§ About this task: Leave out the images; return the rest of the data exactly.

-- Provided entries follows --

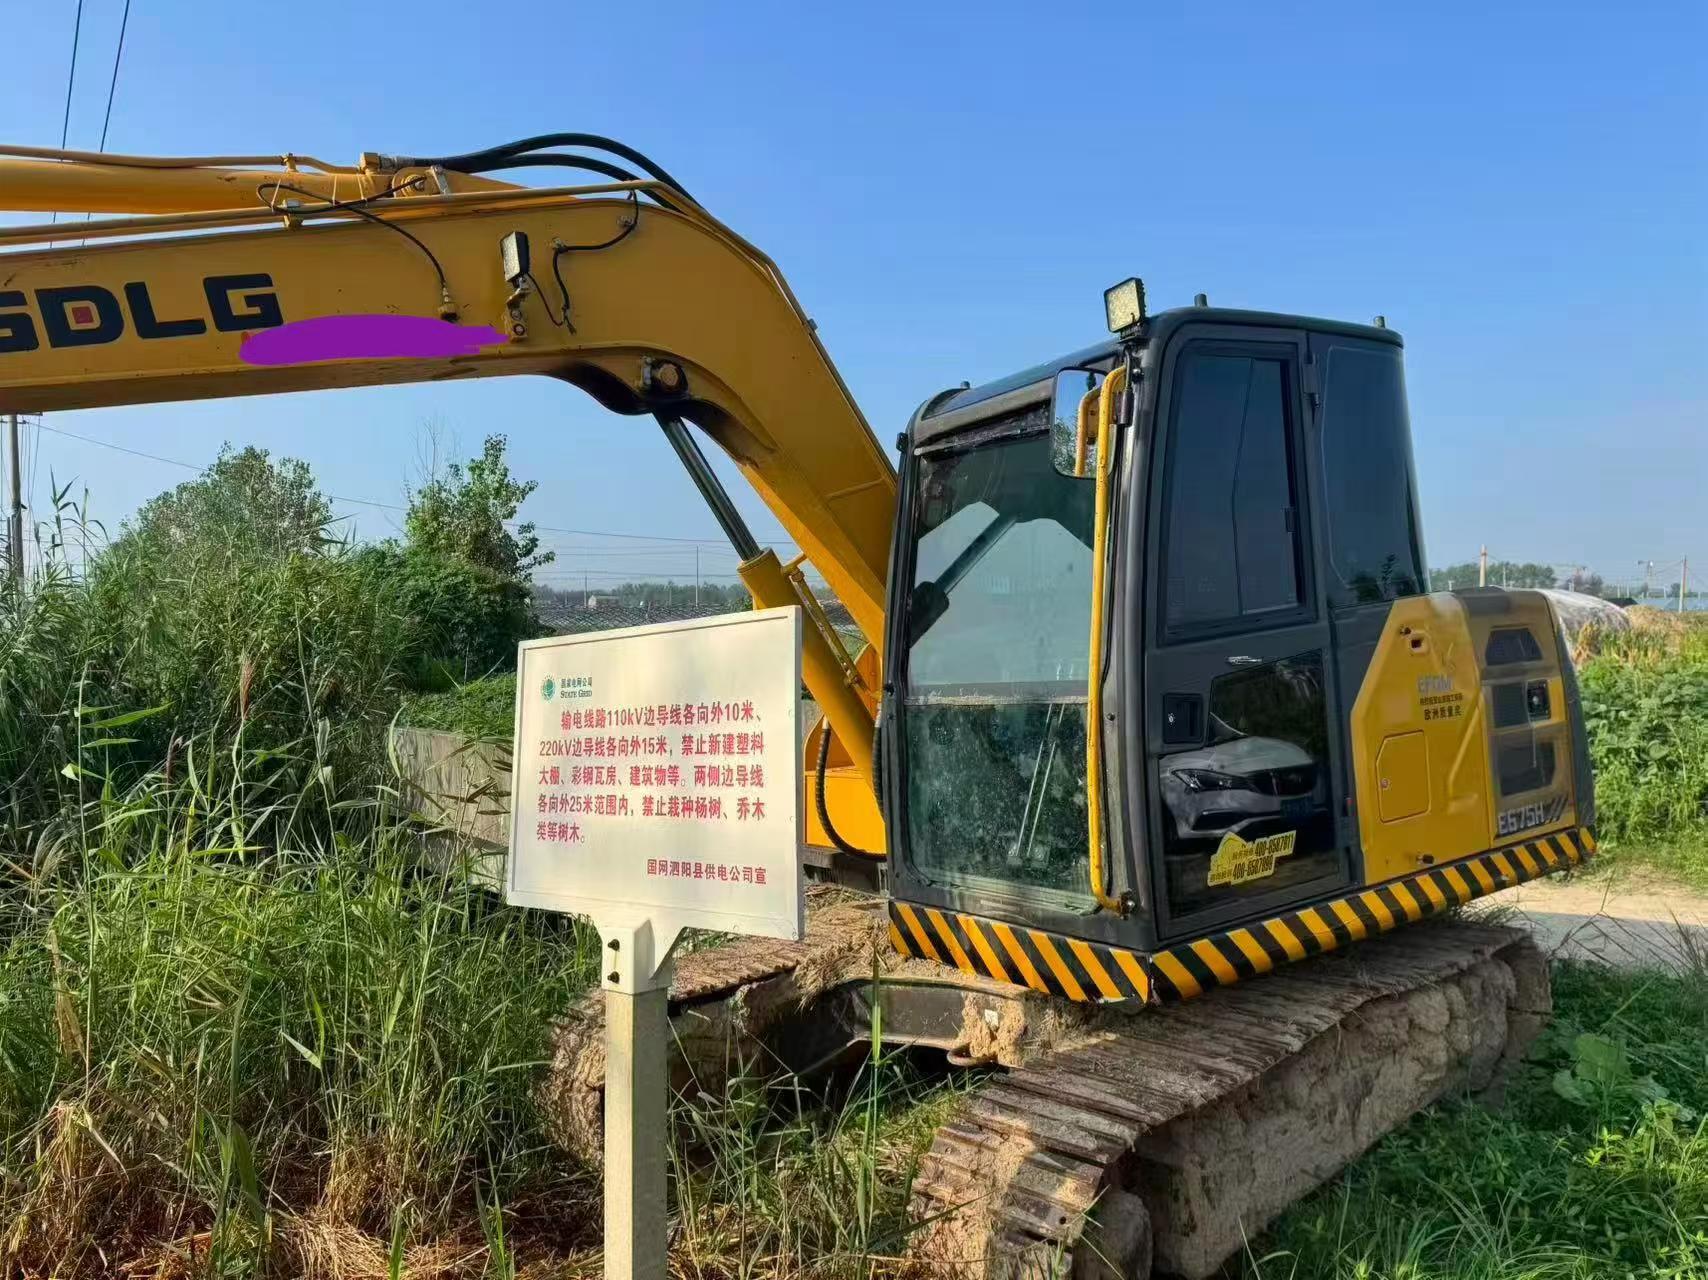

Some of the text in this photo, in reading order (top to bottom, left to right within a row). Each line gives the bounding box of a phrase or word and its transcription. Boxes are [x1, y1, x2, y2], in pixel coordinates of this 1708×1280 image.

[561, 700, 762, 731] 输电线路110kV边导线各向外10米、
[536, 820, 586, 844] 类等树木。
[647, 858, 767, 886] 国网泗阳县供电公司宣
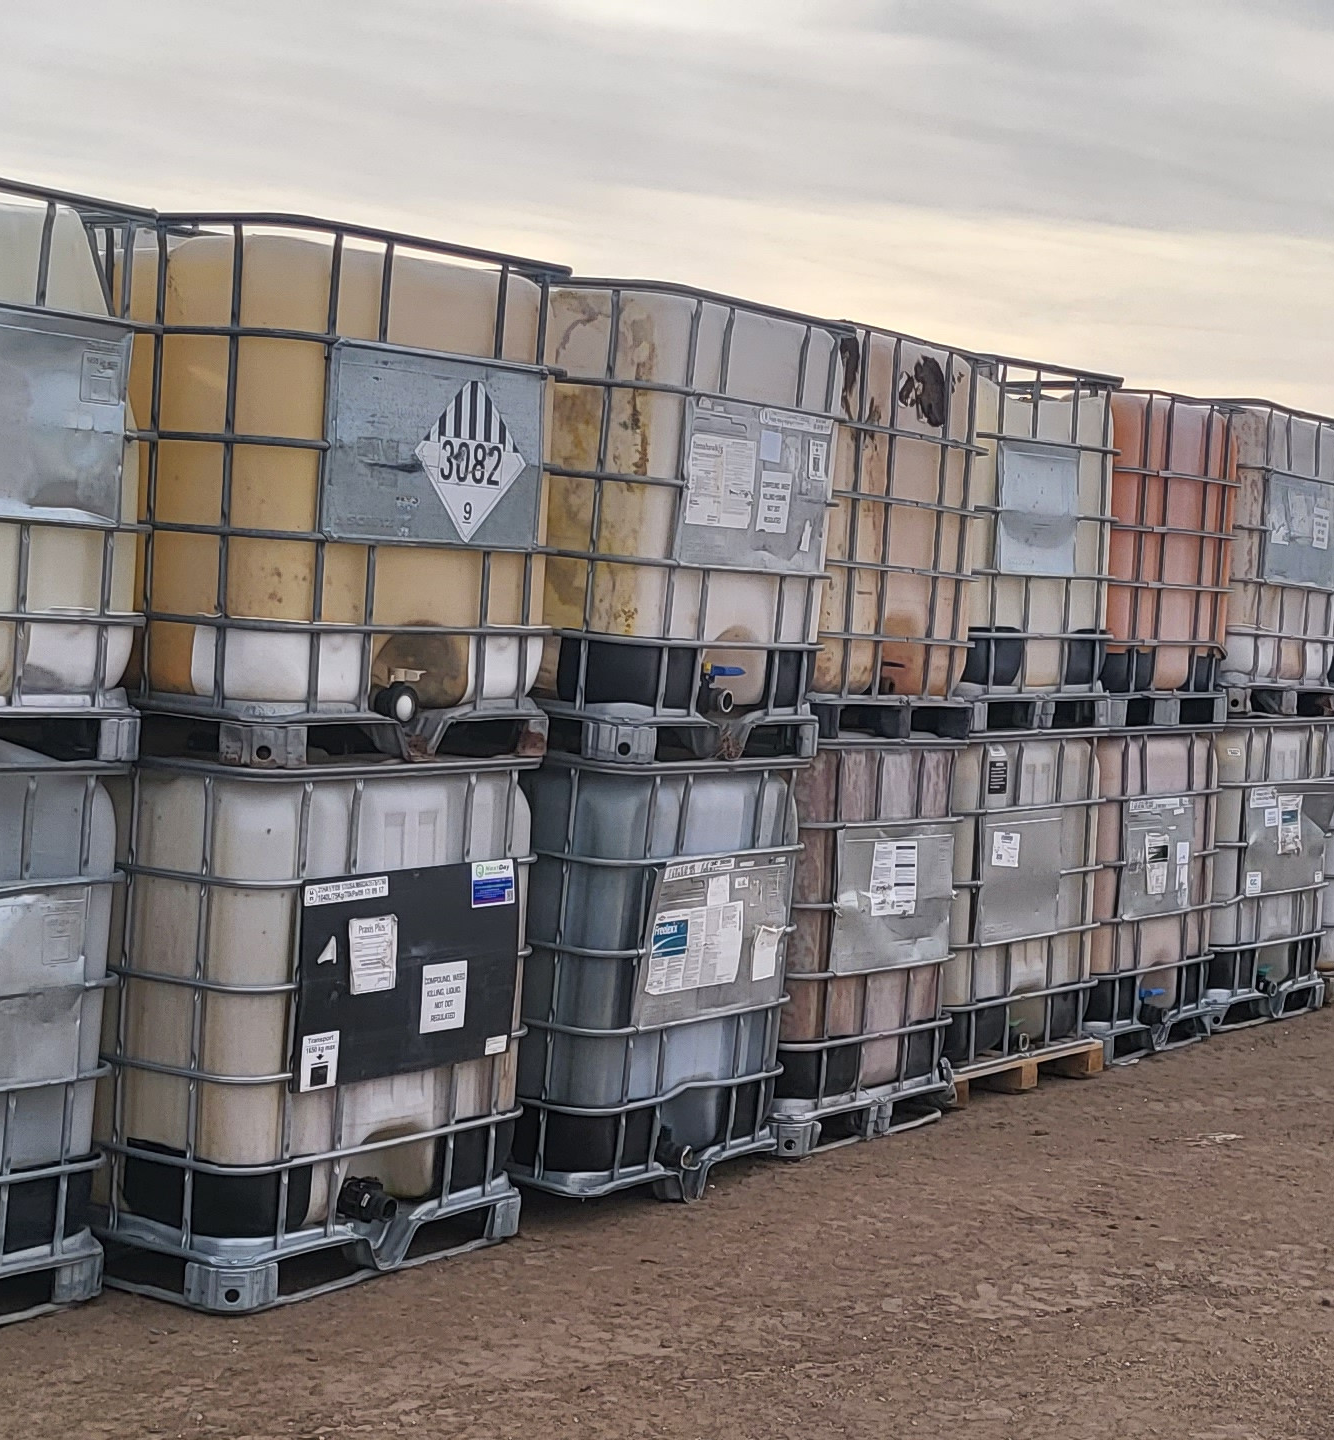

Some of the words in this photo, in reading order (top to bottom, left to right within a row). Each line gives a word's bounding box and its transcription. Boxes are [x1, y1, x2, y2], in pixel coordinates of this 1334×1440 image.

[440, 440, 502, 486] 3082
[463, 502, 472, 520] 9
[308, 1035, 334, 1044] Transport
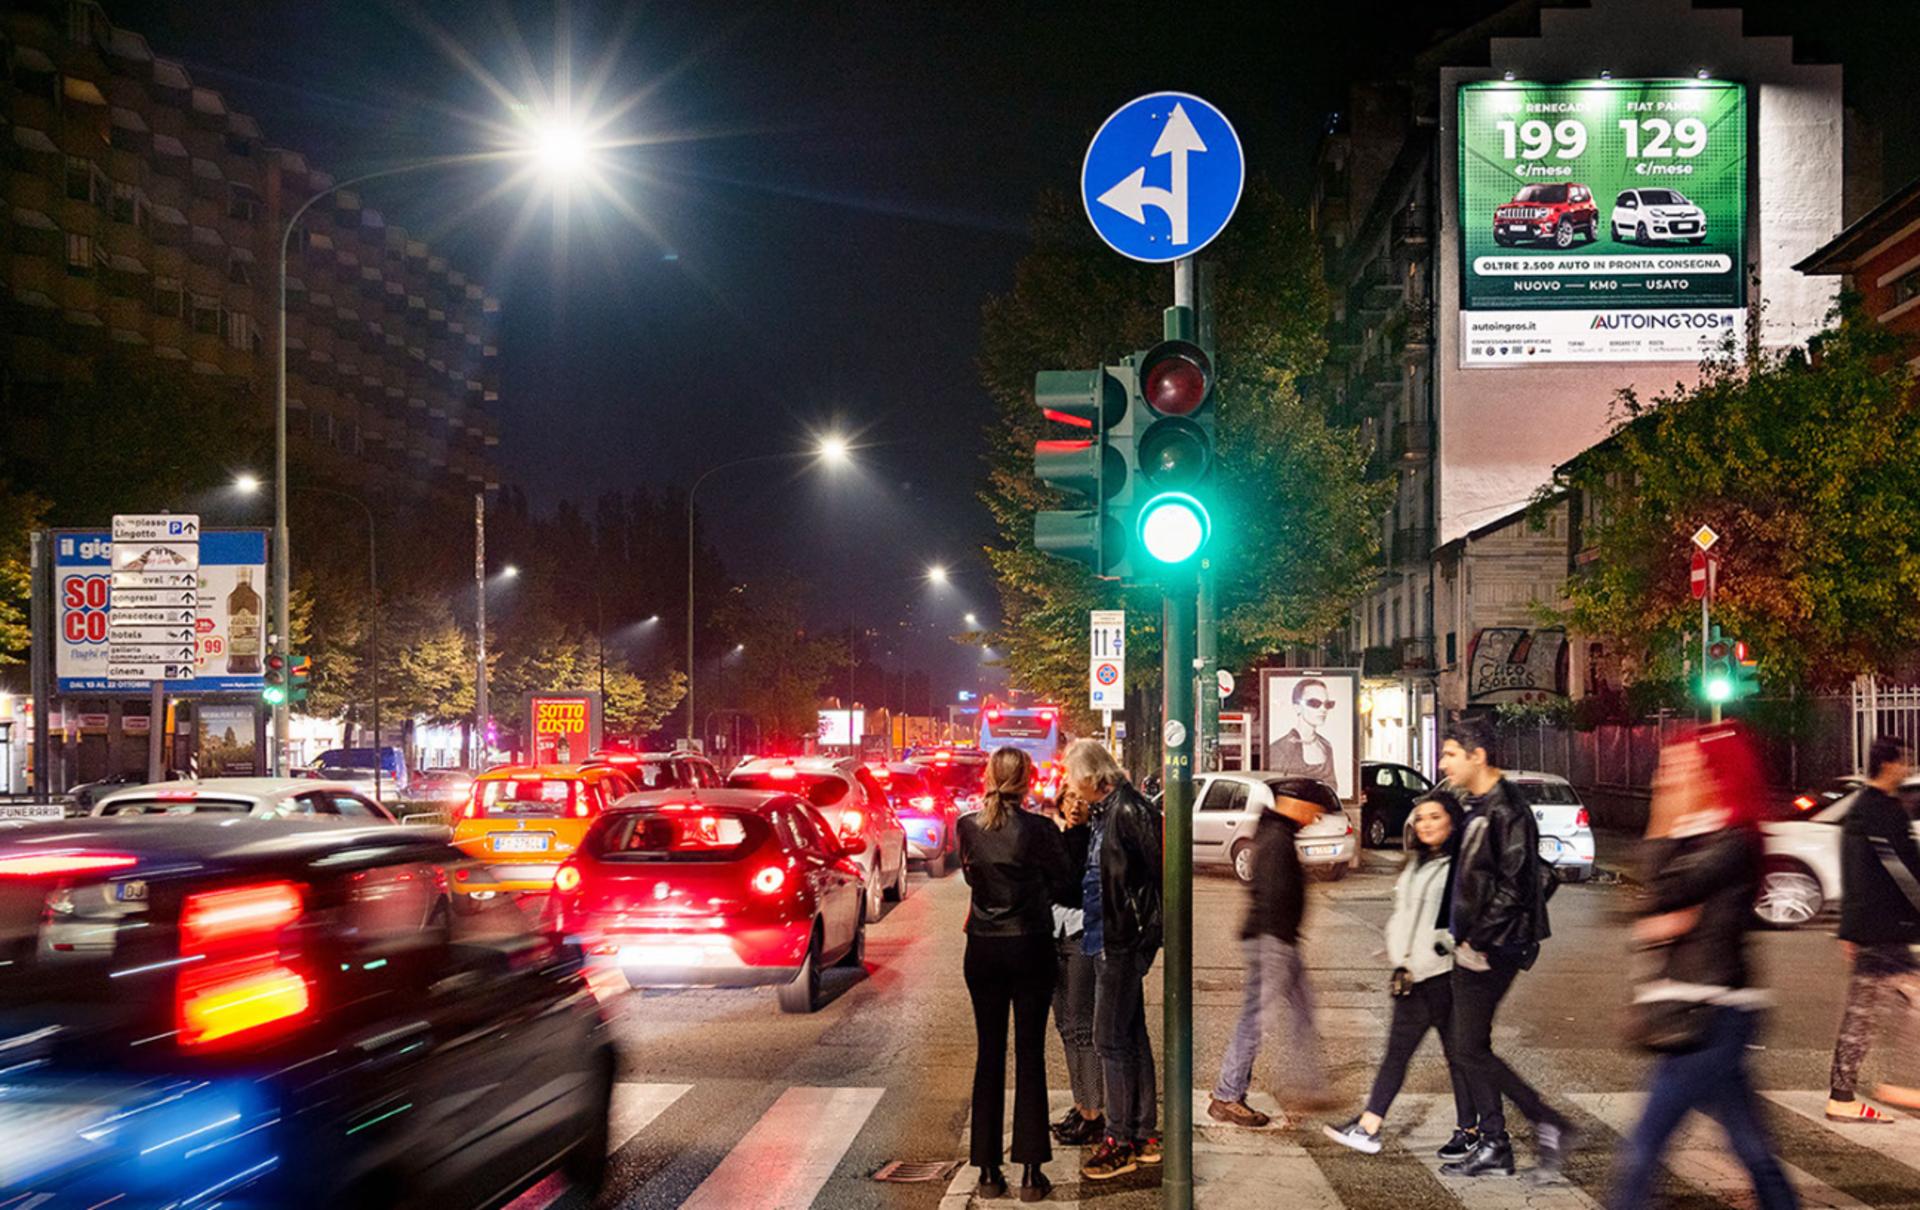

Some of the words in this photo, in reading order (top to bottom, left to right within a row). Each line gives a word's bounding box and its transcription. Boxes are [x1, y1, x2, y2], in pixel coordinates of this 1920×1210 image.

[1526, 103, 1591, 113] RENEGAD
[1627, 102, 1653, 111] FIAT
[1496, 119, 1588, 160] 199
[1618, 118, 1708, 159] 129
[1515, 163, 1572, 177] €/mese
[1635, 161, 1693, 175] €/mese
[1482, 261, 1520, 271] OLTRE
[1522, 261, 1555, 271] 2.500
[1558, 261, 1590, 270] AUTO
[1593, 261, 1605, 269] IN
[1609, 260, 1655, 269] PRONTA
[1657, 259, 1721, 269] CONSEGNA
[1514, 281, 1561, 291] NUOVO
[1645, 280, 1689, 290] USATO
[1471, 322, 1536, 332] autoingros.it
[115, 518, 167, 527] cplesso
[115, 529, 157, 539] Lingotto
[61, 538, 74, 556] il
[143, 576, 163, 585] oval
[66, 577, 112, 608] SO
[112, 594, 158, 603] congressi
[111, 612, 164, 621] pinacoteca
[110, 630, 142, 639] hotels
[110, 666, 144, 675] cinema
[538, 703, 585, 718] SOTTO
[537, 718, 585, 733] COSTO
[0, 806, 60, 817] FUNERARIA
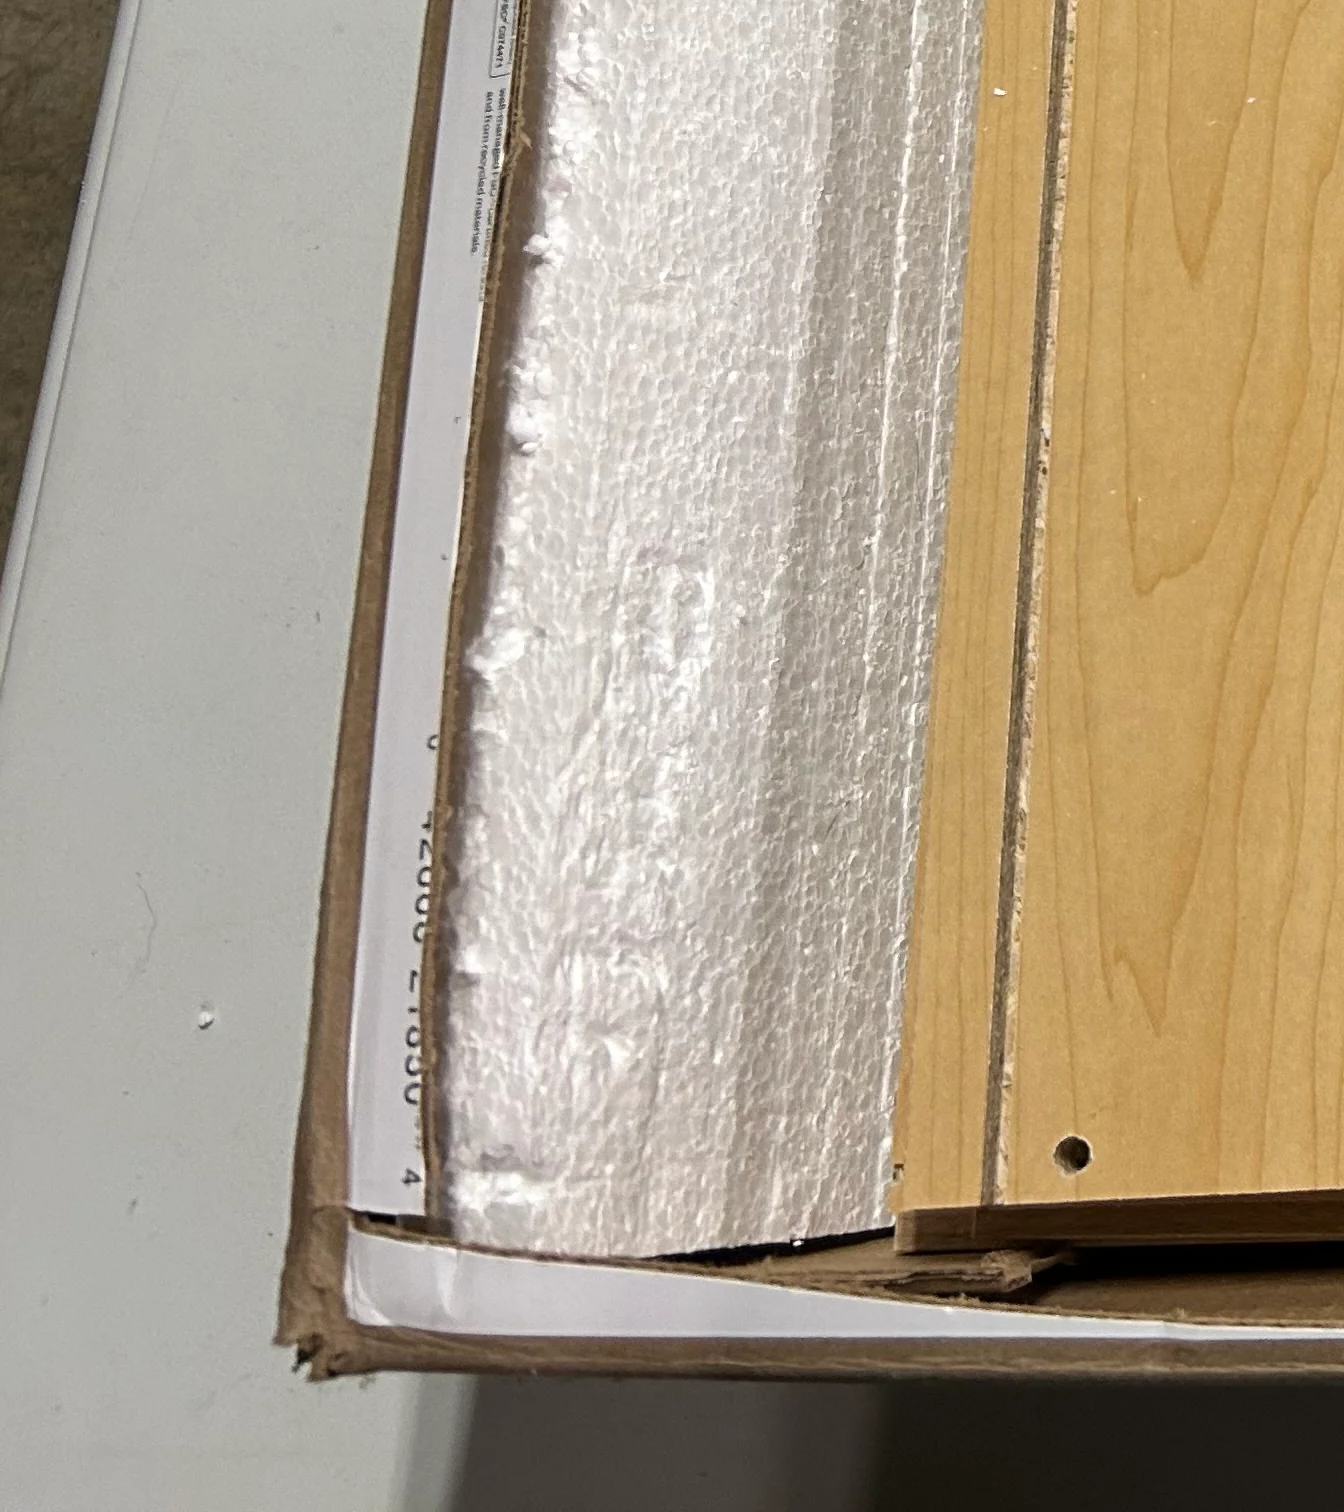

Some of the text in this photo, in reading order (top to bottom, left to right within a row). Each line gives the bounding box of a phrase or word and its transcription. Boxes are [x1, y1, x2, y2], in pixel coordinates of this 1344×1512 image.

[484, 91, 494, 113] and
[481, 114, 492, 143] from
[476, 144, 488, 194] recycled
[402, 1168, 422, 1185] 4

-- Provided entries concluded --

§ Output for this task:
Some of the text in this photo, in reading order (top to bottom, left to right within a row). Each line gives the bounding box of a phrase or word and its transcription. Boxes are [x1, y1, x2, y2], in pixel coordinates of this 1708×1280 image.

[561, 700, 762, 731] 输电线路110kV边导线各向外10米、
[536, 820, 586, 844] 类等树木。
[647, 858, 767, 886] 国网泗阳县供电公司宣

Some of the words in this photo, in reading order (top to bottom, left to right within a row). Each line gives a word's bounding box and its transcription. Boxes are [x1, y1, x2, y2], in pixel coordinates of this 1334×1440 image.

[440, 440, 502, 486] 3082
[463, 502, 472, 520] 9
[308, 1035, 334, 1044] Transport

Some of the words in this photo, in reading order (top to bottom, left to right within a row). Each line gives a word's bounding box and its transcription. Boxes are [x1, y1, x2, y2], in pixel coordinates of this 1920×1210 image.

[1526, 103, 1591, 113] RENEGAD
[1627, 102, 1653, 111] FIAT
[1496, 119, 1588, 160] 199
[1618, 118, 1708, 159] 129
[1515, 163, 1572, 177] €/mese
[1635, 161, 1693, 175] €/mese
[1482, 261, 1520, 271] OLTRE
[1522, 261, 1555, 271] 2.500
[1558, 261, 1590, 270] AUTO
[1593, 261, 1605, 269] IN
[1609, 260, 1655, 269] PRONTA
[1657, 259, 1721, 269] CONSEGNA
[1514, 281, 1561, 291] NUOVO
[1645, 280, 1689, 290] USATO
[1471, 322, 1536, 332] autoingros.it
[115, 518, 167, 527] cplesso
[115, 529, 157, 539] Lingotto
[61, 538, 74, 556] il
[143, 576, 163, 585] oval
[66, 577, 112, 608] SO
[112, 594, 158, 603] congressi
[111, 612, 164, 621] pinacoteca
[110, 630, 142, 639] hotels
[110, 666, 144, 675] cinema
[538, 703, 585, 718] SOTTO
[537, 718, 585, 733] COSTO
[0, 806, 60, 817] FUNERARIA

Some of the text in this photo, in reading order (top to bottom, left to right within a row). Each line gives the bounding box of a phrase or word and its transcription. Boxes are [x1, y1, x2, y2], in pixel coordinates of this 1344×1512 image.

[484, 91, 494, 113] and
[481, 114, 492, 143] from
[476, 144, 488, 194] recycled
[402, 1168, 422, 1185] 4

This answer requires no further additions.